A verbatim printing of the entries that follow is needed; pictures must not appear in it.

*** Supplied data Section Begins ***

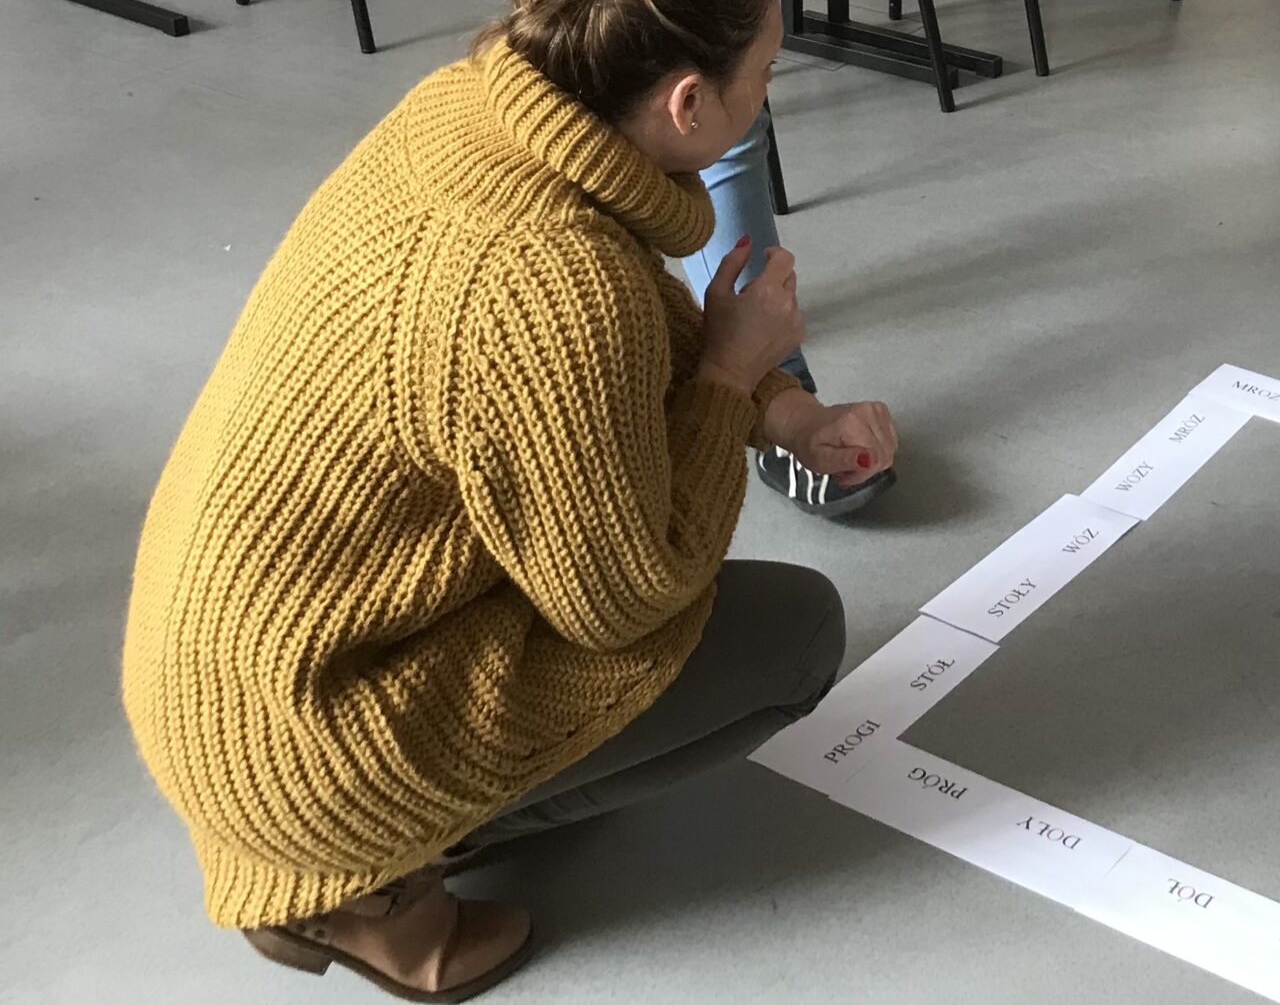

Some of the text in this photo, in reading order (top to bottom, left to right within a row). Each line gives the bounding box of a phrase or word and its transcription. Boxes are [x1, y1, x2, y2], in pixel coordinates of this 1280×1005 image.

[1115, 412, 1205, 494] WOZY MRÓZ
[988, 527, 1100, 618] STOŁY WÓZ
[824, 654, 956, 765] PROGI STÓŁ
[907, 766, 1082, 850] DOŁY PRÓG
[1167, 877, 1215, 910] DÓŁ

*** Supplied data Section Ends ***

### Finished exercise
Some of the text in this photo, in reading order (top to bottom, left to right within a row). Each line gives the bounding box of a phrase or word and its transcription. Boxes are [x1, y1, x2, y2], in pixel coordinates of this 1280×1005 image.

[1115, 412, 1205, 494] WOZY MRÓZ
[988, 527, 1100, 618] STOŁY WÓZ
[824, 654, 956, 765] PROGI STÓŁ
[907, 766, 1082, 850] DOŁY PRÓG
[1167, 877, 1215, 910] DÓŁ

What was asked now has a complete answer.